Malawi education minister calls for international support to rebuild resilient education systems


Malawi’s Minister of Education Agnes NyaLonje has called on developed countries and international organizations to provide more support to Malawi and other developing countries to build back stronger and resilient education systems following the Covid-19 pandemic.

NyaLonje made this call during this year’s Education World Forum (EWF) which was held between 22 and 26 May, 2022 at the Queen Elizabeth II Centre in London which was participated by Education Ministers from 116 countries.

Addressing the gathering, the minister said Malawi’s education system is facing COVID-19 pandemic and multiple climate related disaster challenges which she said are undermining major ongoing interventions in the education sector.

She therefore called upon developed countries to do more to support countries like Malawi, which knows what should be done, as outlined in the new development blueprint, Malawi 2063.

“This plan outlines how Malawi might adapt to climate change and build a more resilient education system. In its first ten-year implementation plan dubbed MIP 1 (2021-2030), Malawi intends to offer at least 12 years of education to every child by 2030, and ensure that once enrolled, every learner completes their primary and secondary education.

“This feat requires huge investment in infrastructure and digitalization. So, there is need for serious consideration of meaningful financing for equitable global access to education,” NyaLonje told the forum.

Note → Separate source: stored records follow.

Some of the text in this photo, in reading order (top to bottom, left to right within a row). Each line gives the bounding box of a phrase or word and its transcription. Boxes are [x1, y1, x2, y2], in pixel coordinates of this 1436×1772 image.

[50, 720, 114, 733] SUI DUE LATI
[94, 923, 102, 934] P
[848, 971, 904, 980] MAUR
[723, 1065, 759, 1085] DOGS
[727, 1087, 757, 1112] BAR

The Minister then captured the attention of the gathering when she said Malawi is tirelessly working on provision of comparative quality of learning offered by schools around the country, as it is in the developed countries.

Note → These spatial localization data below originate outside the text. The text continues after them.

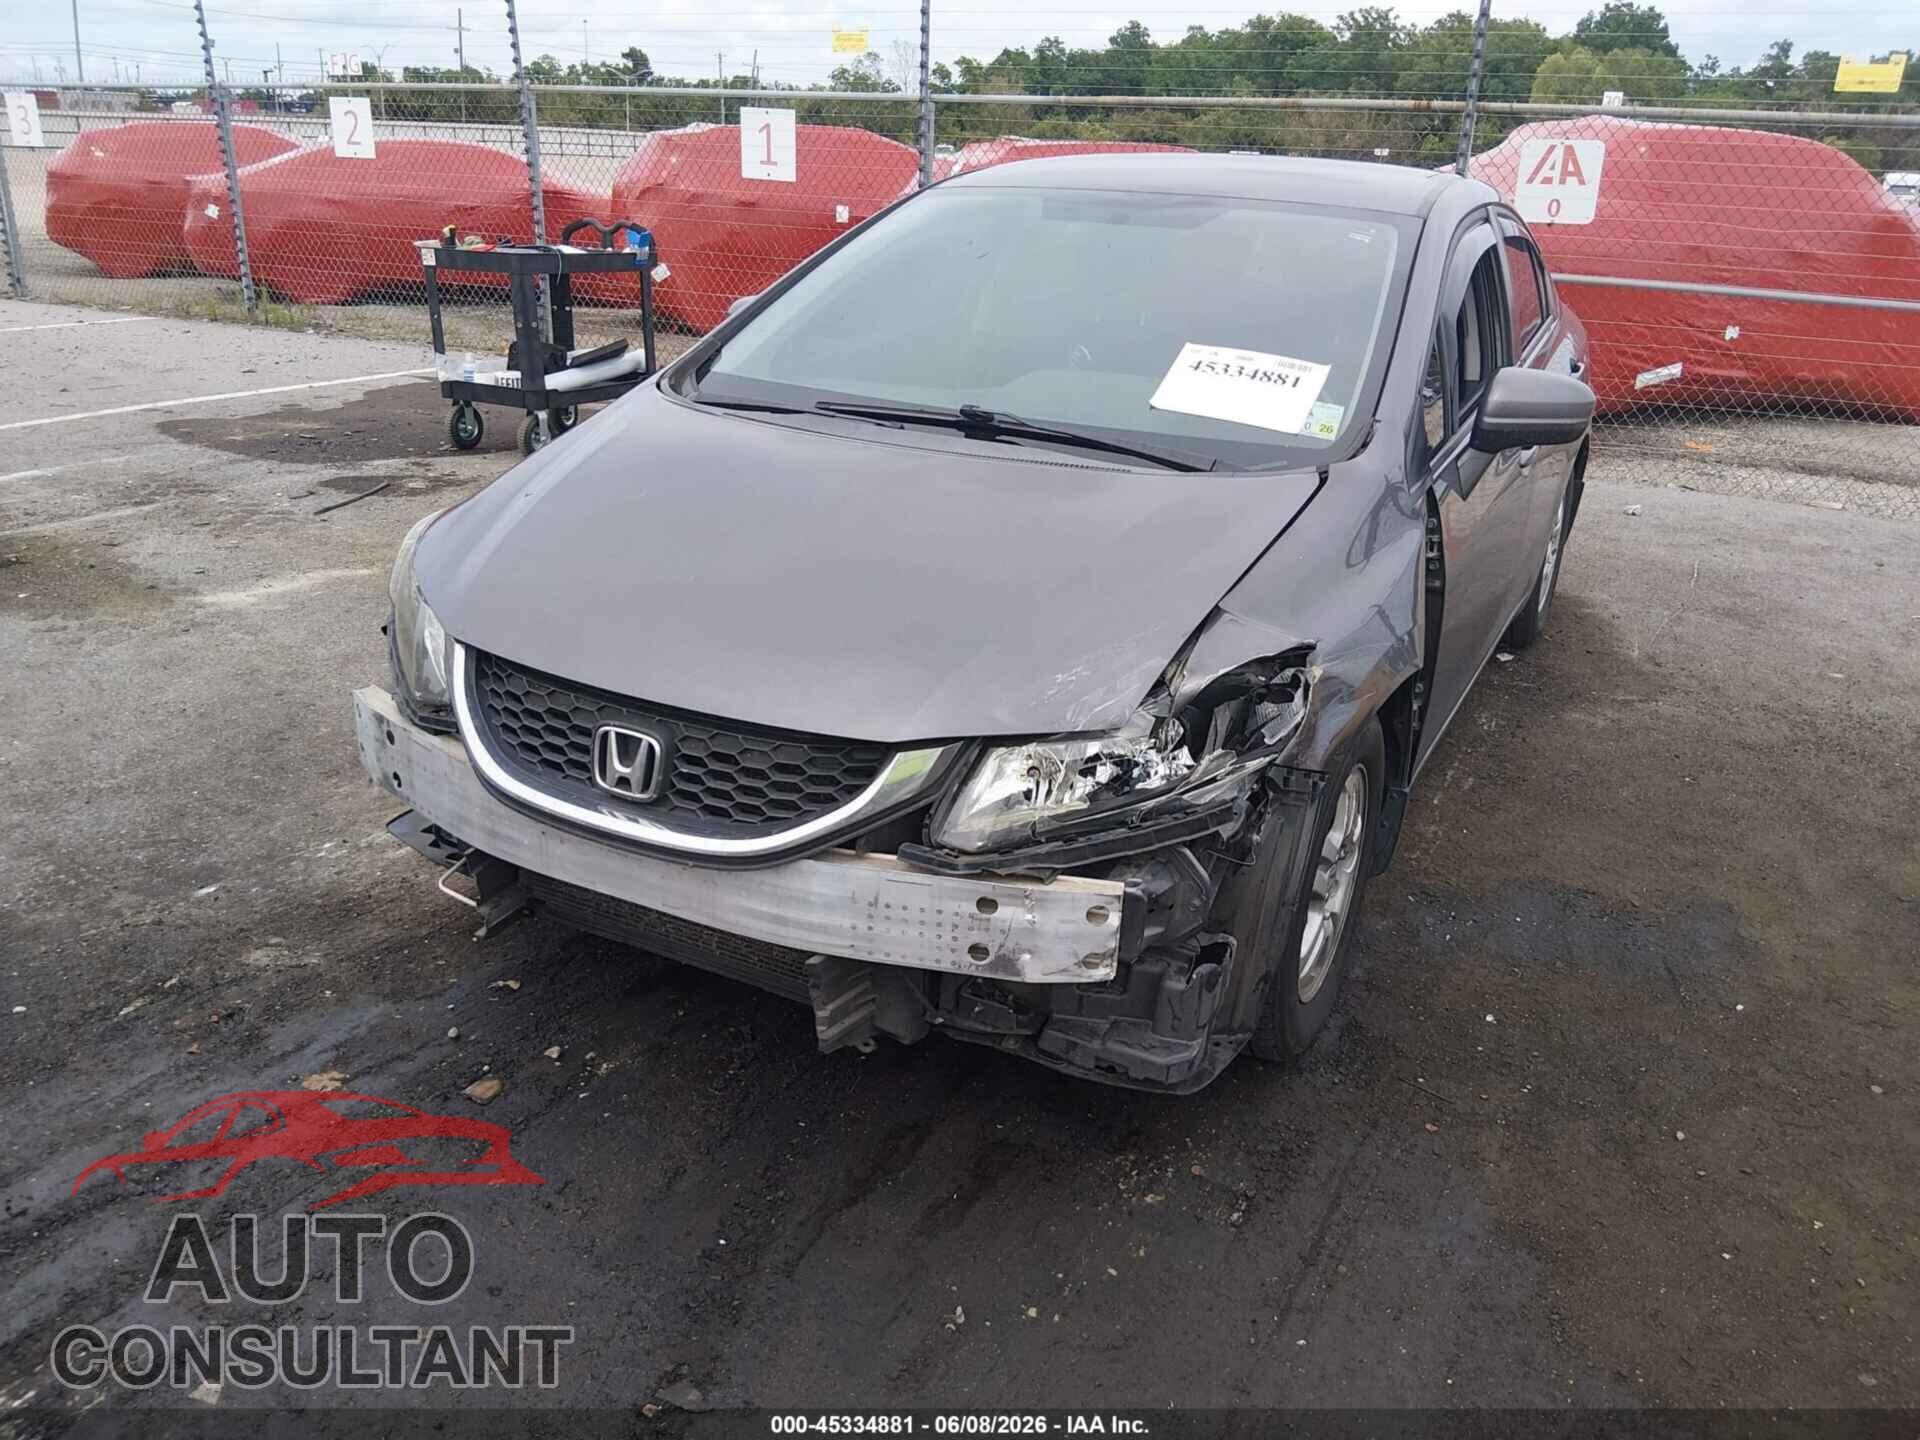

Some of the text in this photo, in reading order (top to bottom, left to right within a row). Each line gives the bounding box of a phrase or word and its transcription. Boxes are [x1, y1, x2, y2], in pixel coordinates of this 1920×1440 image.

[17, 105, 32, 135] 3
[344, 110, 362, 146] 2
[758, 122, 778, 167] 1
[1547, 198, 1561, 218] 0
[1188, 360, 1301, 389] 45334881
[1319, 423, 1334, 434] 26

Apart from the EWF, NyaLonje also held a fruitful side meeting with the founder of “IAMTHECODE Foundation”, Lady Marieme Jammer where they agreed to develop a memorandum of understanding (MoU) on quality education in Malawi.

The minister says through this MoU, thousands of Malawian girls and youth will be trained in computer coding, for free, using the foundation’s online portal.

She then met Ms Jamie Cooper, the Chair and President of a United Kingdom based non-profit organization called Big Win Philanthropy, and they identified two major areas of intervention towards improving Malawi’s education sector.

The two agreed to work on enhancement of the efficiency of the education system through improved teacher deployment, and also improved strategic communication for enhanced engagement on education reforms.

Minister NyaLonje also had an engagement with the British Prime Minister’s Special Envoy on the Girl Child’s Education, Ms Helen Grant who emphasized on their support on expanding school infrastructure and teacher housing.

The minister has then thanked the Malawi president Lazarus Chakwera for allowing her to attend the forum claiming it was crucial for Malawi’s education sector as several developmental partners have pledged support towards improving major education challenges.

“I effectively used the forum to make a strong case for support towards Malawi. Envoys from the World Bank, the British Government, Ministers from countries such as Brazil, and non-profit education organizations, such as the Education Partnerships Group and Lego Foundation, philanthropist organizations such as Big Win and Gates Foundation, and Education Technology companies, pledged to help Malawi design and implement sustainable and effective strategies to scale up interventions that will improve foundation skills, including through teacher preparation, integration of education technologies and innovation, and improving system efficiency,” she added.

Minister NyaLonje was accompanied to the forum by Dr Joshua Valeta who is the Director of Open, Distance and e-Learning in the Ministry of Education.